Exercise brief. The pictures in the data below are to be omitted; all else must be duplicated exactly.

Material for this exercise START

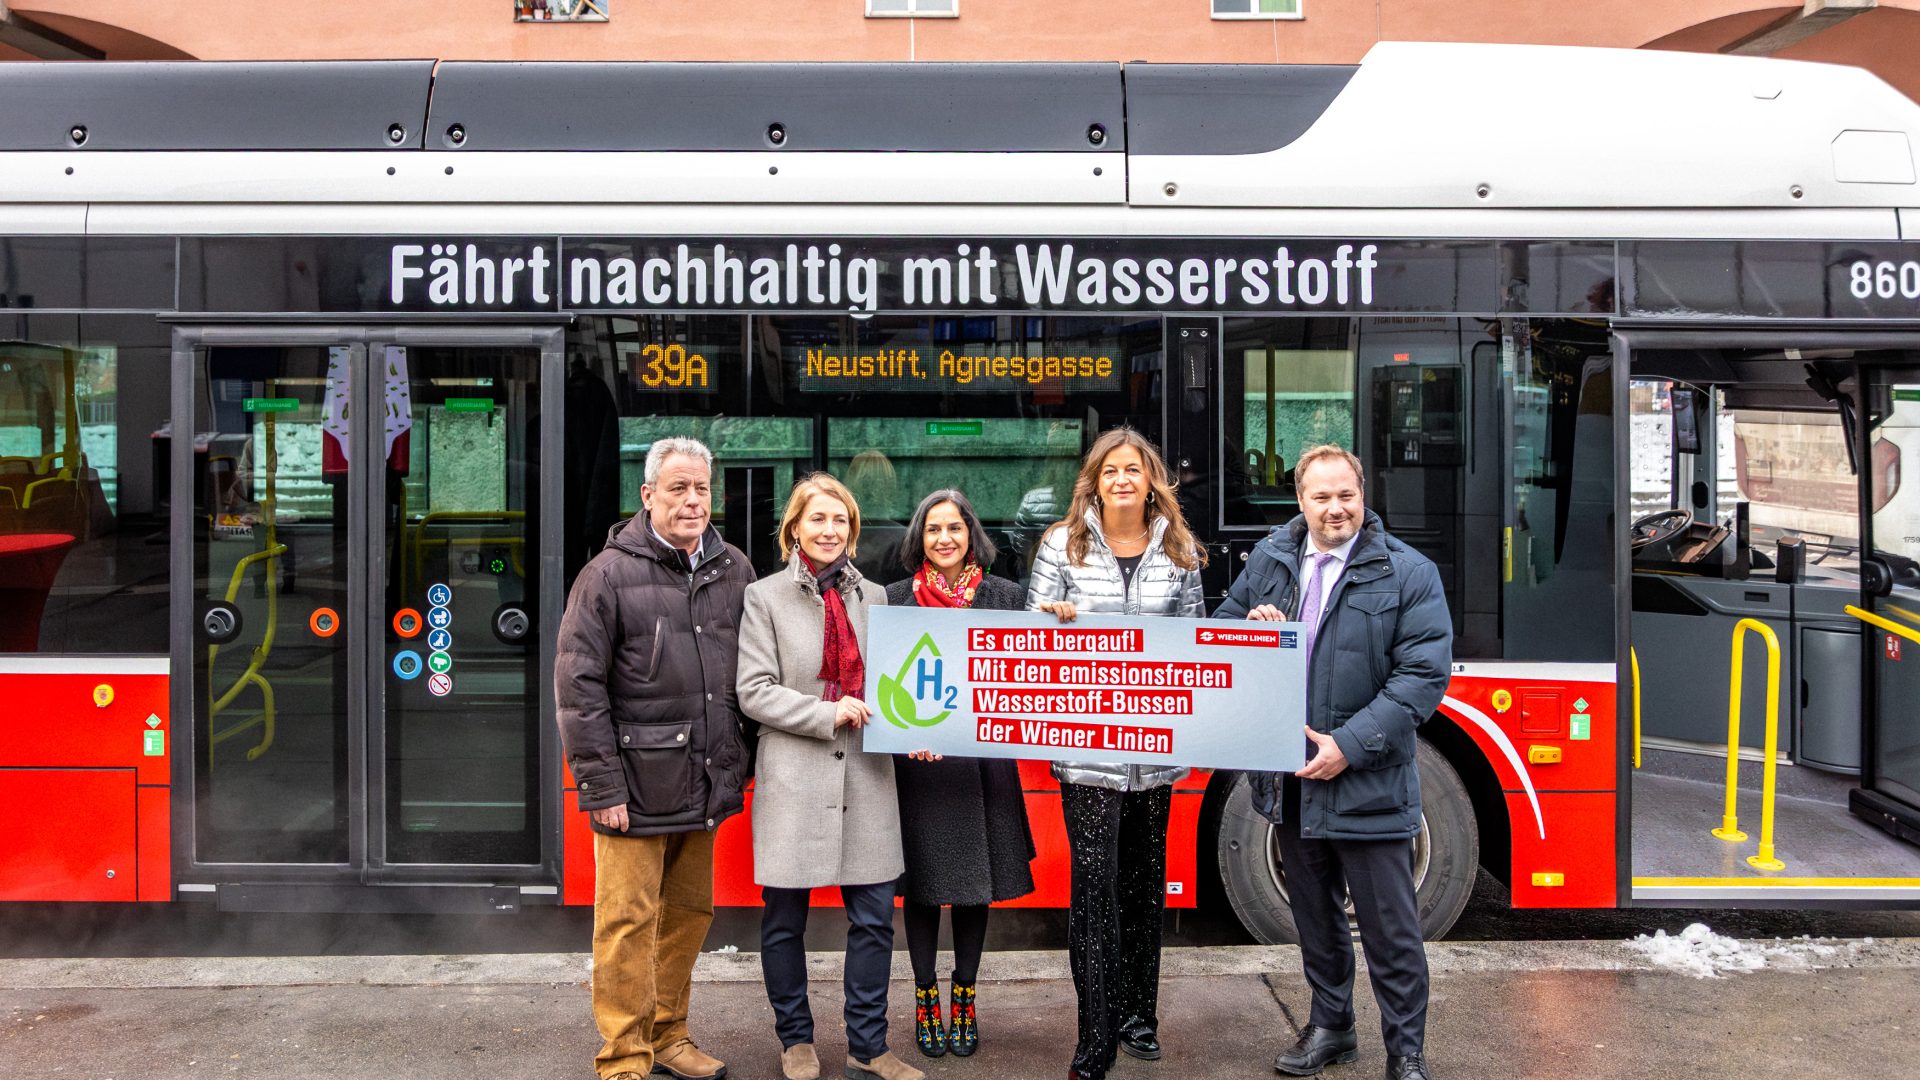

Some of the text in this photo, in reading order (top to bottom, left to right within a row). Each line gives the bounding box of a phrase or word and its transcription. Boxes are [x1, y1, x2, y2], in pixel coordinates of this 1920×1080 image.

[391, 243, 1379, 319] Fährt nachhaltig mit Wasserstoff
[1850, 260, 1920, 299] 860
[641, 344, 708, 388] 39A
[806, 349, 1113, 384] Neustift, Agnesgasse
[972, 629, 1136, 656] Es geht bergauf!
[1216, 633, 1249, 642] WIENER
[1249, 634, 1277, 643] LINIEN
[973, 658, 1227, 688] Mit den emissionsfreien
[976, 689, 1189, 714] Wasserstoff-Bussen
[979, 718, 1169, 753] der Wiener Linien
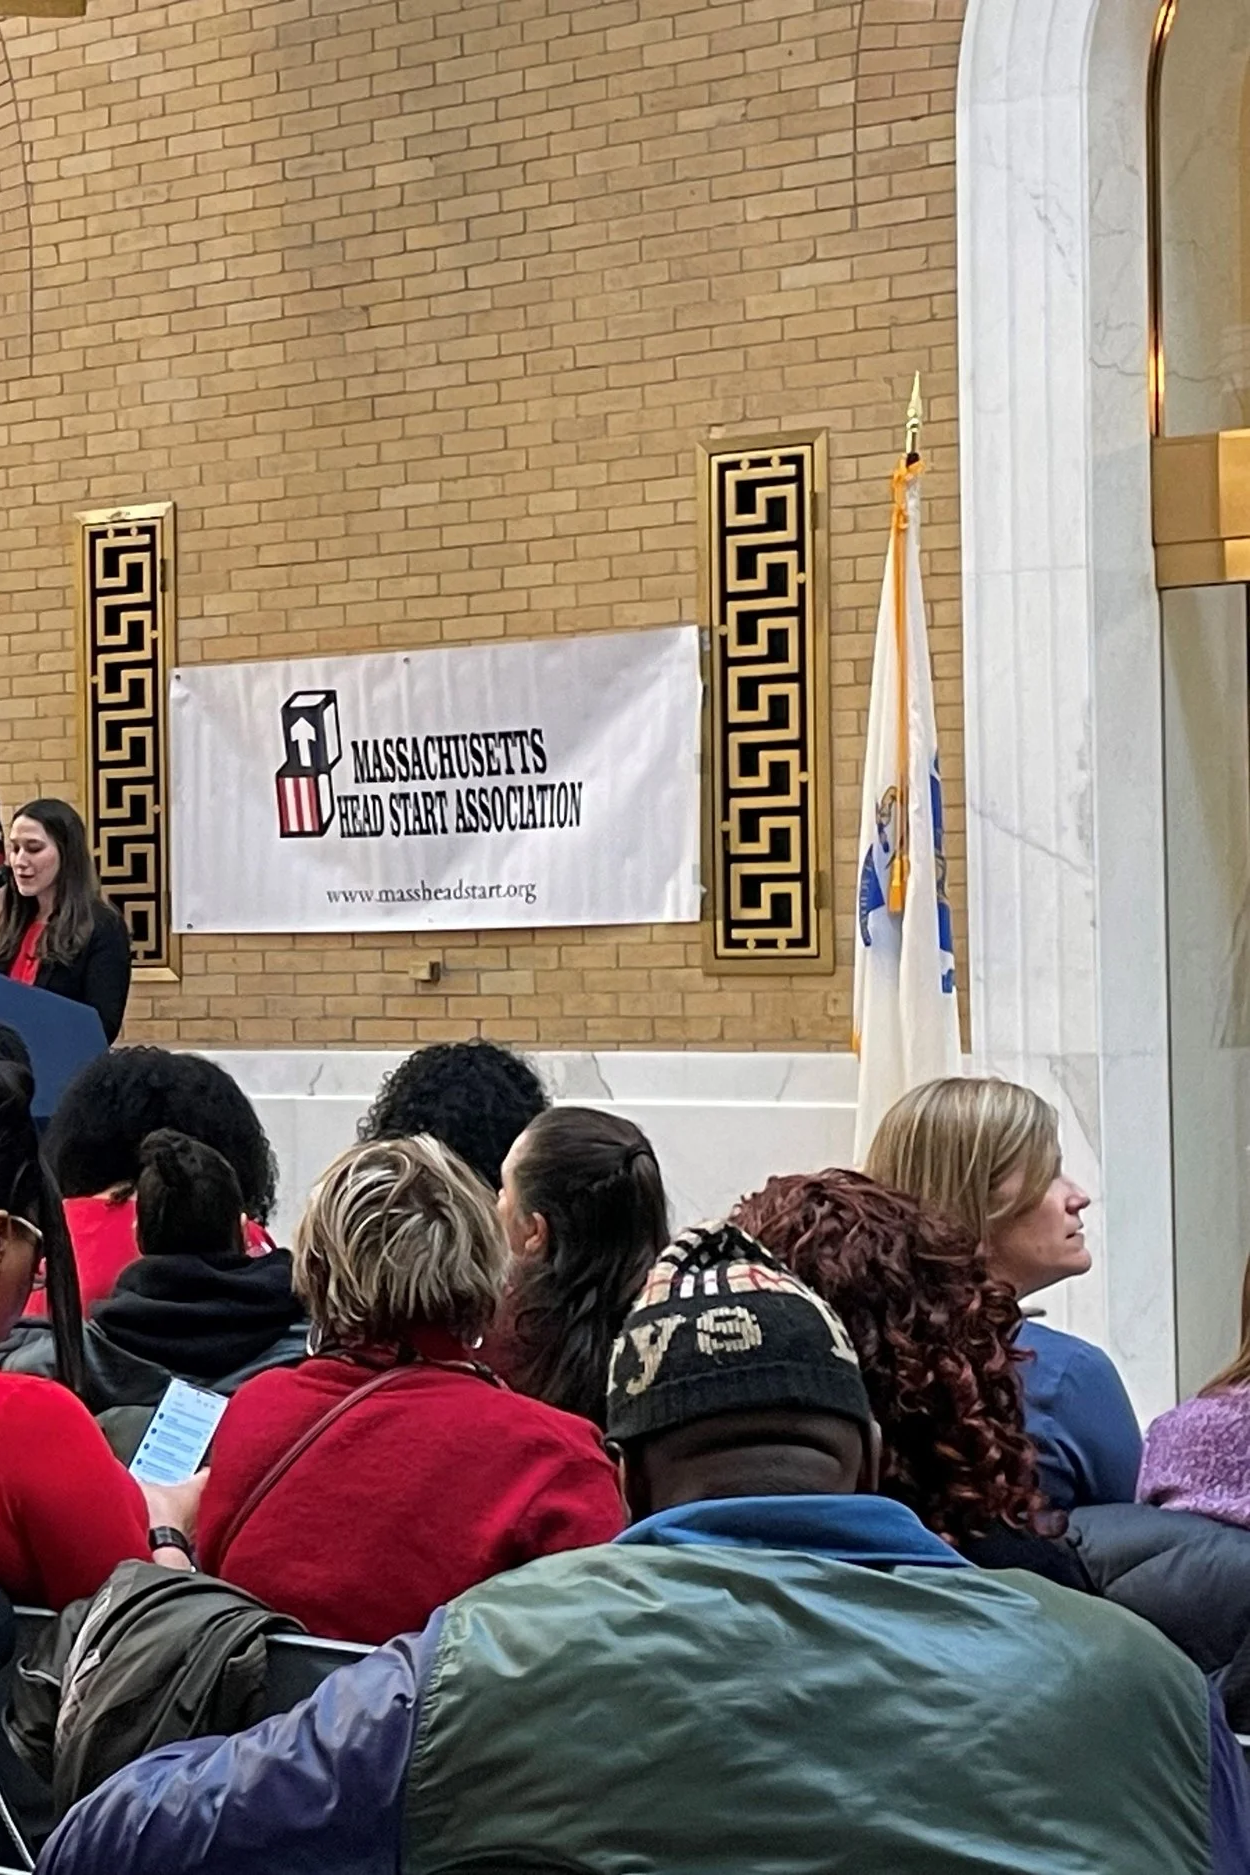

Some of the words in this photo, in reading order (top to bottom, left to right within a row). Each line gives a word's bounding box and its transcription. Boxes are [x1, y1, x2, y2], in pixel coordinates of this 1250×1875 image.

[350, 727, 548, 784] MASSACHUSETTS
[336, 794, 385, 839] HEAD
[389, 790, 449, 837] START
[455, 781, 583, 834] ASSOCIATION
[326, 879, 538, 904] www.massheadstart.org
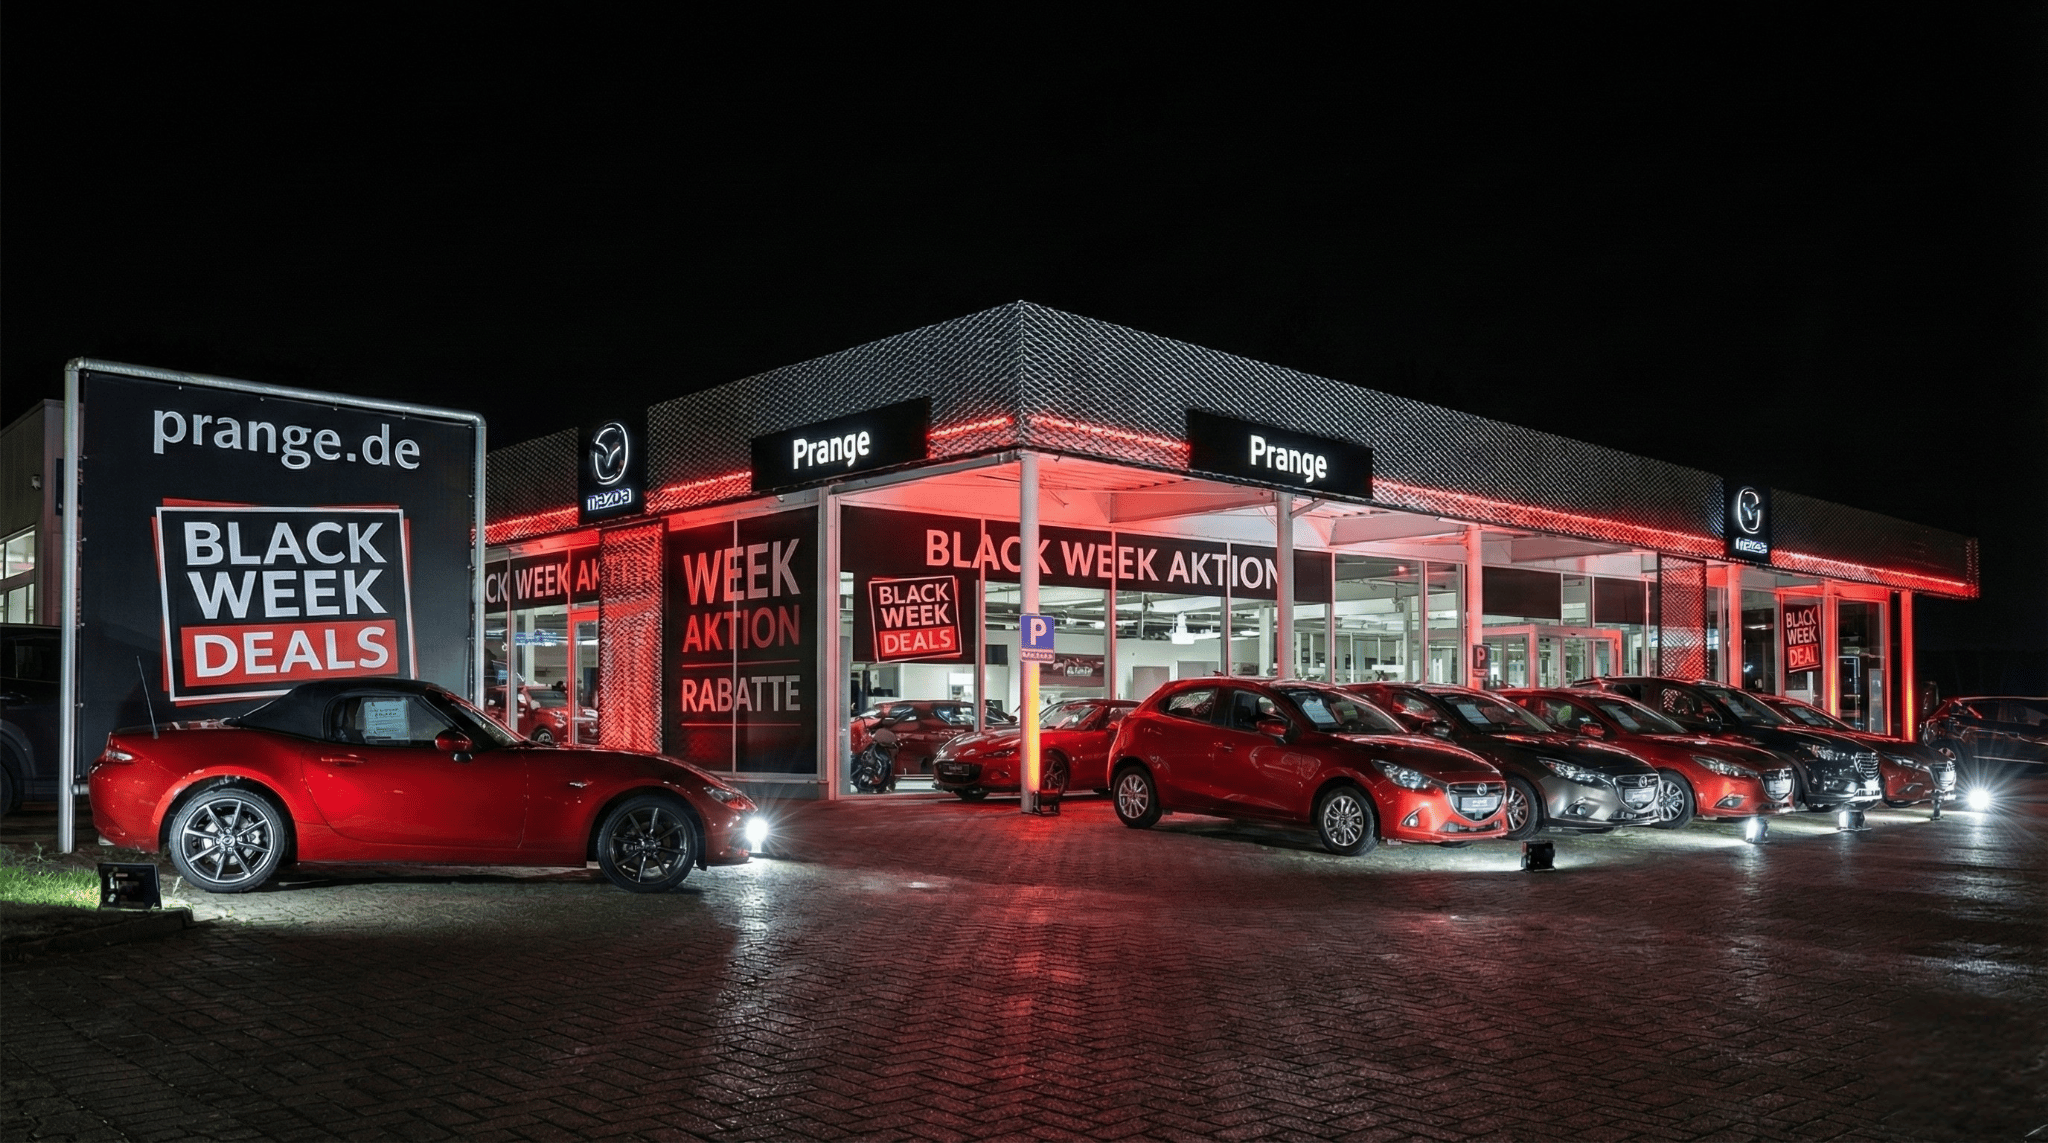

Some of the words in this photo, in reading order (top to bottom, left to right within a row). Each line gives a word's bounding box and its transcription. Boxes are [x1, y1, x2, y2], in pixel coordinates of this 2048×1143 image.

[153, 410, 420, 469] prange.de
[793, 430, 871, 470] Prange
[1250, 434, 1328, 484] Prange
[184, 521, 388, 566] BLACK
[515, 562, 570, 600] WEEK
[683, 538, 801, 605] WEEK
[1060, 540, 1159, 582] WEEK
[1167, 550, 1278, 590] AKTION
[187, 569, 388, 619] WEEK
[879, 582, 951, 605] BLACK
[682, 604, 800, 653] AKTION
[880, 603, 951, 629] WEEK
[1030, 618, 1047, 645] P
[1785, 606, 1817, 628] BLACK
[1787, 625, 1817, 646] WEEK
[194, 626, 389, 678] DEALS
[883, 629, 952, 654] DEALS
[682, 674, 801, 713] RABATTE
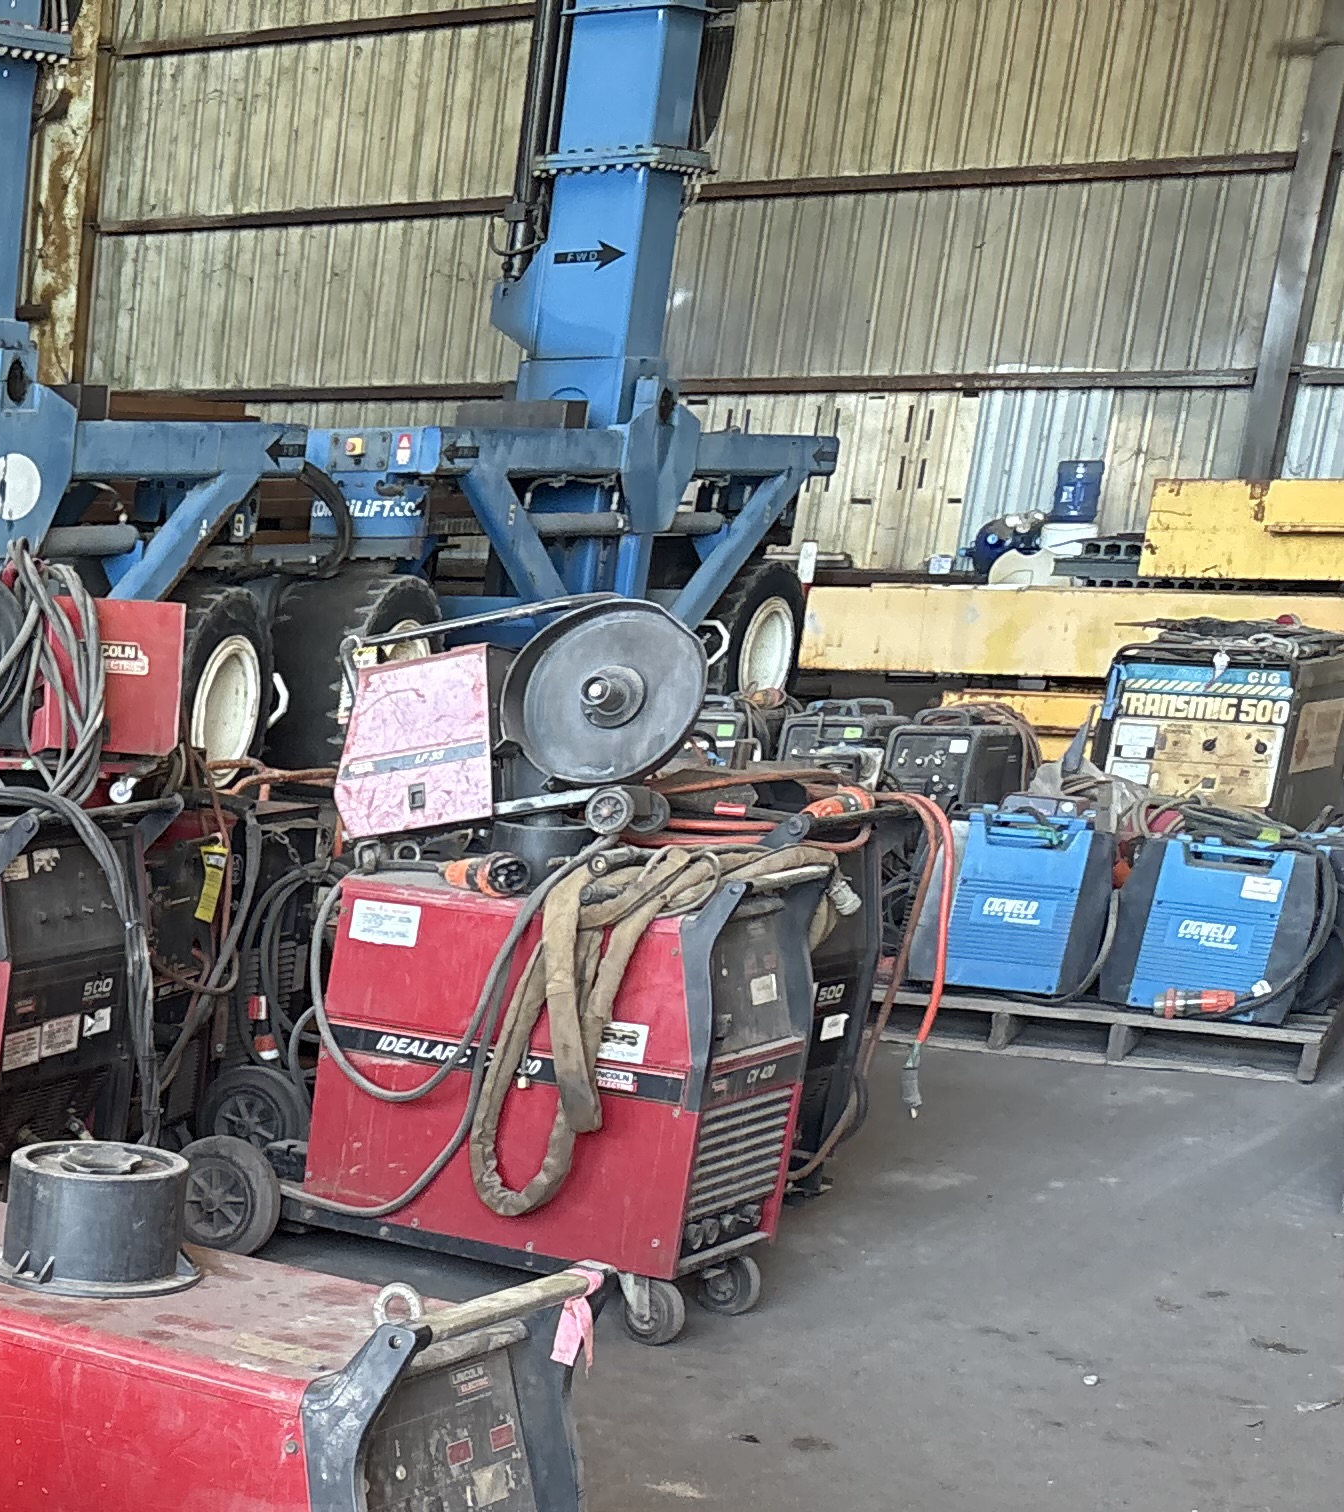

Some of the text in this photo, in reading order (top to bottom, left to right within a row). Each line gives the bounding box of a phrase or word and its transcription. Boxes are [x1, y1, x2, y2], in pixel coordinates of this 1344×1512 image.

[566, 251, 598, 262] FWD
[101, 644, 136, 659] COLN
[1247, 671, 1281, 684] CIG
[1238, 699, 1291, 725] 500
[817, 983, 846, 1002] 500

Material for this exercise END

Response for this exercise.
Some of the text in this photo, in reading order (top to bottom, left to right within a row). Each line gives the bounding box of a phrase or word and its transcription. Boxes are [x1, y1, x2, y2], in pixel coordinates of this 1920×1080 image.

[391, 243, 1379, 319] Fährt nachhaltig mit Wasserstoff
[1850, 260, 1920, 299] 860
[641, 344, 708, 388] 39A
[806, 349, 1113, 384] Neustift, Agnesgasse
[972, 629, 1136, 656] Es geht bergauf!
[1216, 633, 1249, 642] WIENER
[1249, 634, 1277, 643] LINIEN
[973, 658, 1227, 688] Mit den emissionsfreien
[976, 689, 1189, 714] Wasserstoff-Bussen
[979, 718, 1169, 753] der Wiener Linien

Some of the words in this photo, in reading order (top to bottom, left to right within a row). Each line gives a word's bounding box and its transcription. Boxes are [x1, y1, x2, y2], in pixel coordinates of this 1250×1875 image.

[350, 727, 548, 784] MASSACHUSETTS
[336, 794, 385, 839] HEAD
[389, 790, 449, 837] START
[455, 781, 583, 834] ASSOCIATION
[326, 879, 538, 904] www.massheadstart.org

Some of the words in this photo, in reading order (top to bottom, left to right within a row). Each line gives a word's bounding box and its transcription. Boxes are [x1, y1, x2, y2], in pixel coordinates of this 2048×1143 image.

[153, 410, 420, 469] prange.de
[793, 430, 871, 470] Prange
[1250, 434, 1328, 484] Prange
[184, 521, 388, 566] BLACK
[515, 562, 570, 600] WEEK
[683, 538, 801, 605] WEEK
[1060, 540, 1159, 582] WEEK
[1167, 550, 1278, 590] AKTION
[187, 569, 388, 619] WEEK
[879, 582, 951, 605] BLACK
[682, 604, 800, 653] AKTION
[880, 603, 951, 629] WEEK
[1030, 618, 1047, 645] P
[1785, 606, 1817, 628] BLACK
[1787, 625, 1817, 646] WEEK
[194, 626, 389, 678] DEALS
[883, 629, 952, 654] DEALS
[682, 674, 801, 713] RABATTE

Some of the text in this photo, in reading order (top to bottom, left to right within a row). Each line gives the bounding box of a phrase or word and its transcription. Boxes are [x1, y1, x2, y2], in pixel coordinates of this 1344×1512 image.

[566, 251, 598, 262] FWD
[101, 644, 136, 659] COLN
[1247, 671, 1281, 684] CIG
[1238, 699, 1291, 725] 500
[817, 983, 846, 1002] 500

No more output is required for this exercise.